The Rise and Fall of Simon Gagne

Nick Cohen

By: Jake Aferiat


1998 was a great year in the NHL. The Dallas Stars won the Stanley Cup, Jaromir Jagr won the Hart Trophy, and one future 4-time All-Star was drafted. His name is Simon Gagne and he was taken 22nd overall by the Philadelphia Flyers.


Gagne enjoyed a great rookie campaign in 1999, tallying 48 points (20 goals 28 assists) and also recording 5 goals and 5 assists in 17 playoff games. His great season led him to finish 4th in the Calder Trophy voting, and was good enough to earn him a spot on the NHL All-Rookie Team.


Gagne’s best statistical season came in 2004-05 when he recorded 47 goals and 32 assists, good for 79 points. After that season, he was awarded the Bobby Clarke Trophy, given to the Flyers Team MVP. The following year, Gagne was named to his second consecutive All-Star Game after putting up a second straight 40 goal season.


The 2007-08 season is where things started to turn bad for Gagne. He appeared in only 25 games that year. After sustaining a concussion on a hit by St. Louis Blues defenseman Jay Bouwmeester on October 25, he missed four games. Upon coming back, Gagne re-injured himself, and was subsequently shut down.


Gagne’s last full season was the 2008-09 season, when he played in 79 games and recorded 74 points. He was named to his fourth and final All-Star Game. Injury trouble would continue to plague Gagne for the remainder of his career, be it hernia surgery, concussions, or neck problems.


Gagne would never play more than 63 games in a season again, and hasn’t recorded more than 40 points in a season since 2008-09.  However, this season, it hasn’t been injuries that have sidelined Gagne.


This offseason, Gagne signed a 1 year deal worth $600,000 with the Boston Bruins after missing all of last season. Gagne appeared in 23 games this season for the Bruins, recording three goals and one assist. Gagne’s indefinite leave of absence began on December 10th after his father was diagnosed with liver cancer. Gagne’s father has since passed away and in response, Gagne said “To play in the NHL you have to be 100 percent mentally, emotionally and physically committed to the game. At this time I know that I cannot be close to those levels.” On January 12, 2015, Gagne announced he would not return to the team this season.

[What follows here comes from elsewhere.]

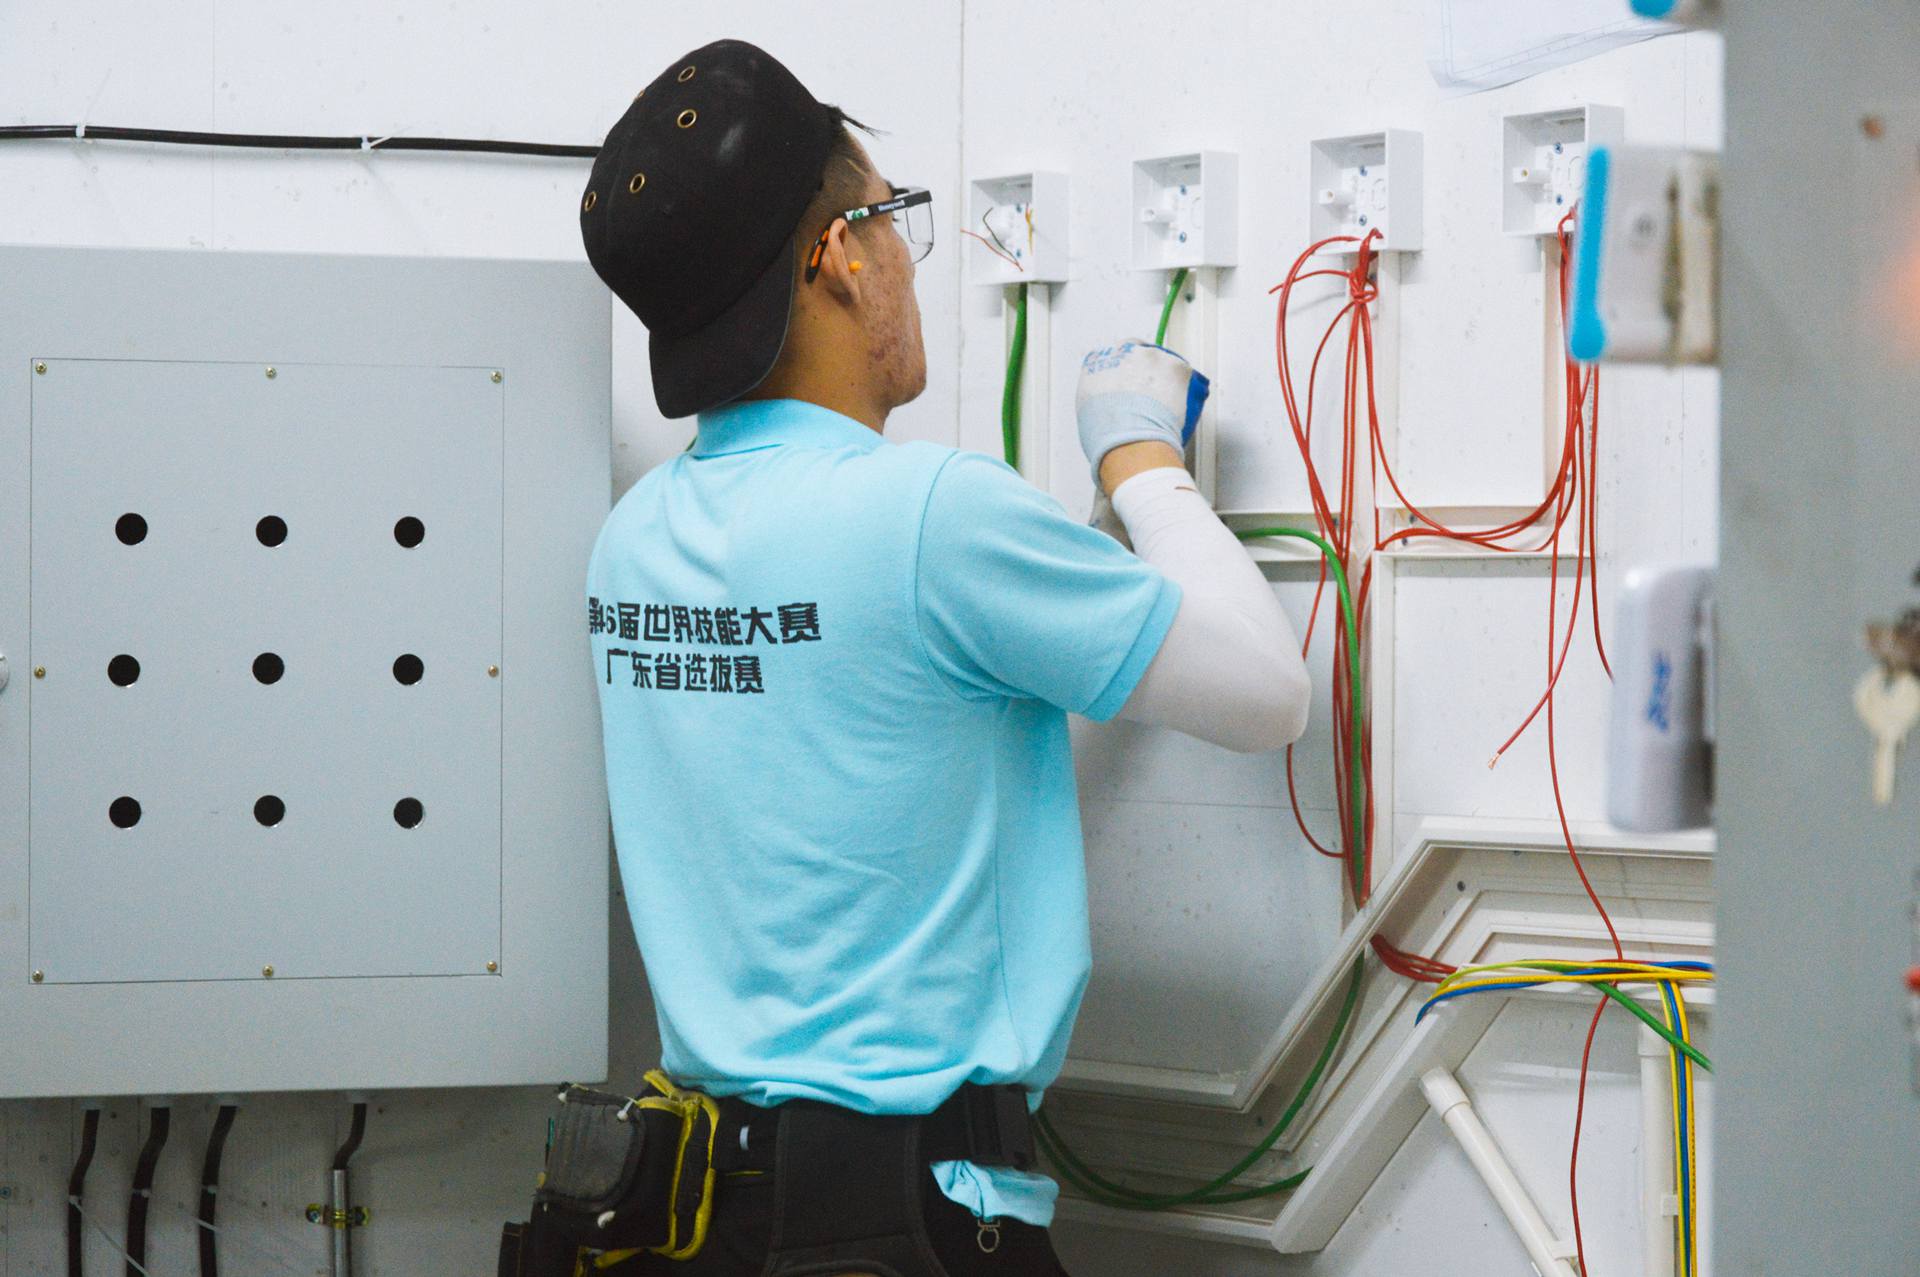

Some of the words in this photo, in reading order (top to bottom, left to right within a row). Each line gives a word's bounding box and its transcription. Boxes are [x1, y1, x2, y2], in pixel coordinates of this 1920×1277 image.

[607, 648, 765, 694] 广东省选拔赛
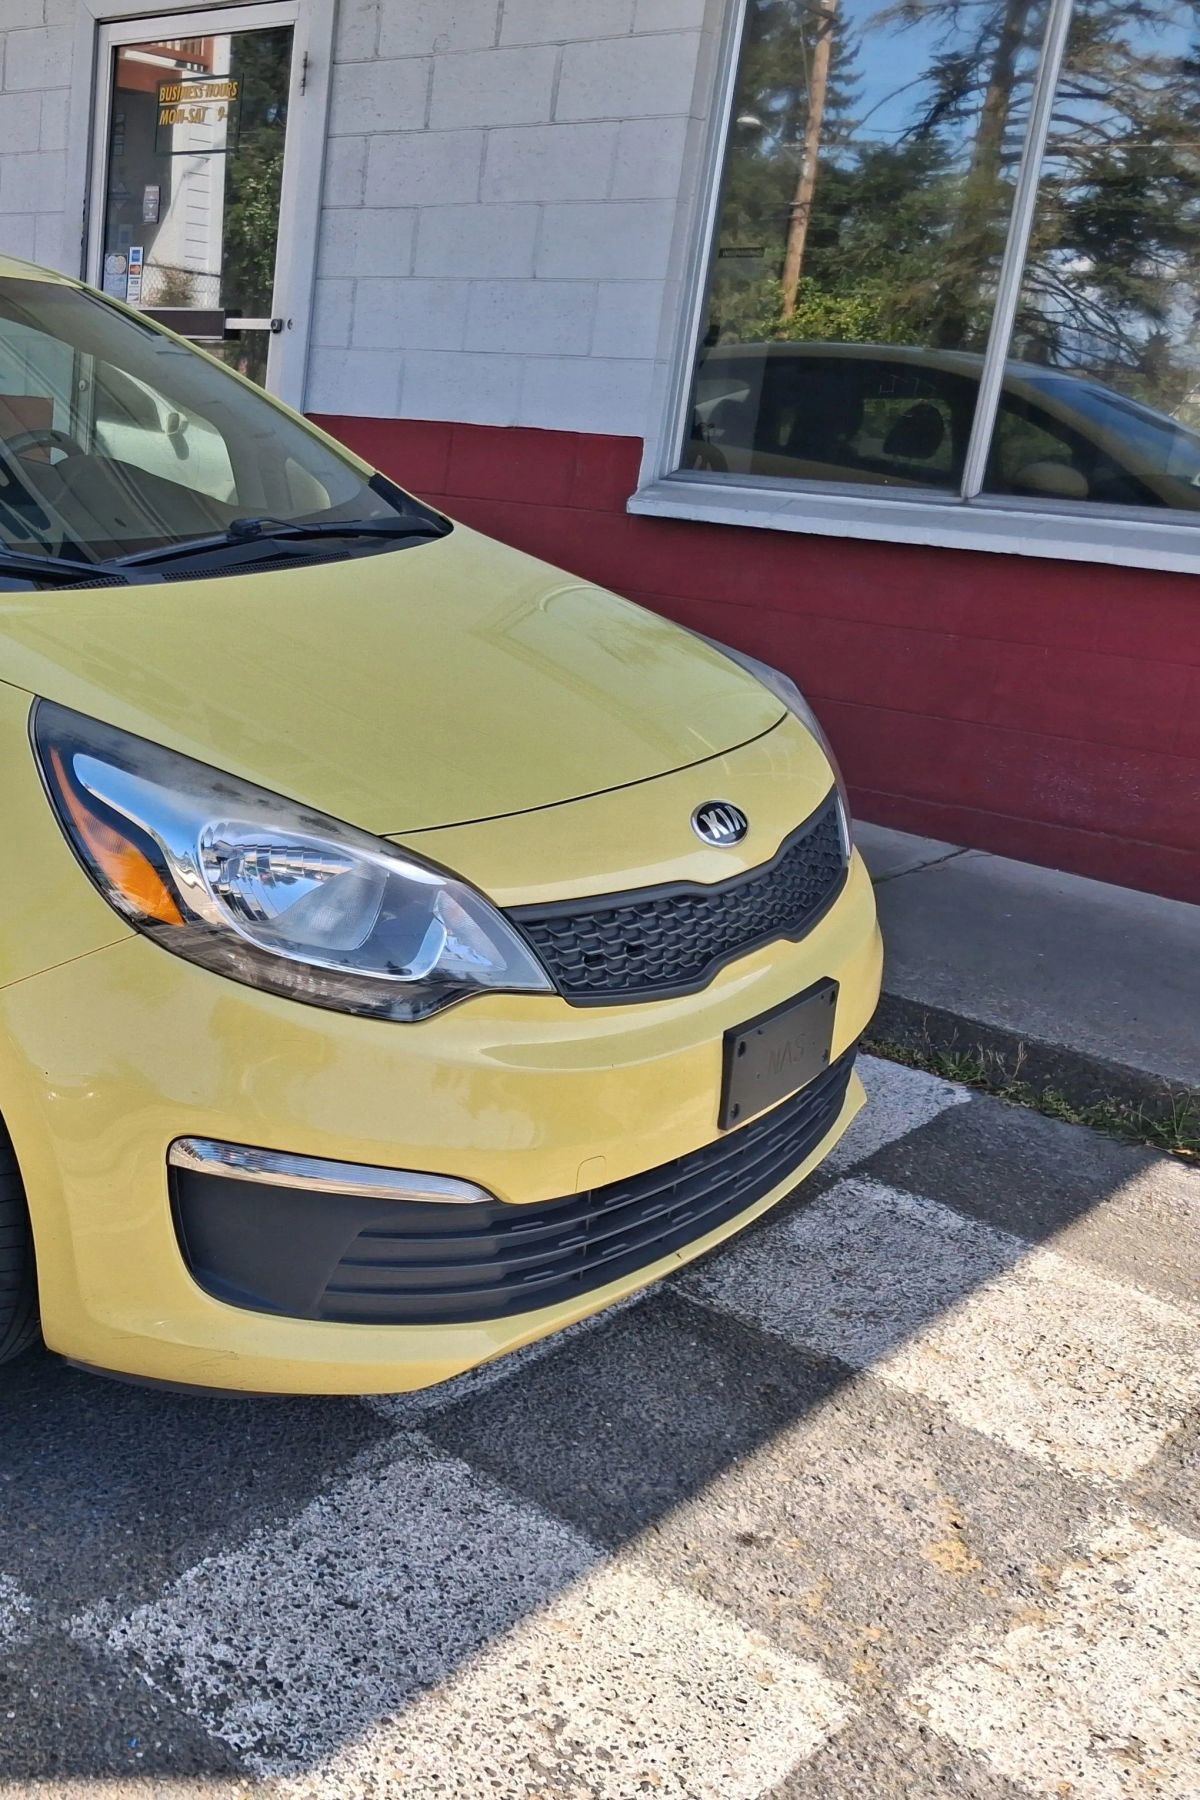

Over his 15 year career, Gagne recorded 291 goals and 310 assists for 601 career points, to go along with 4 All-Star appearances and an Olympic Gold Medal. At 34, Gagne is by no means young, but if Scott Gomez’s recent bounceback is any key, then so long as he’s mentally ready, Gagne should have no trouble producing as a third line forward in the future.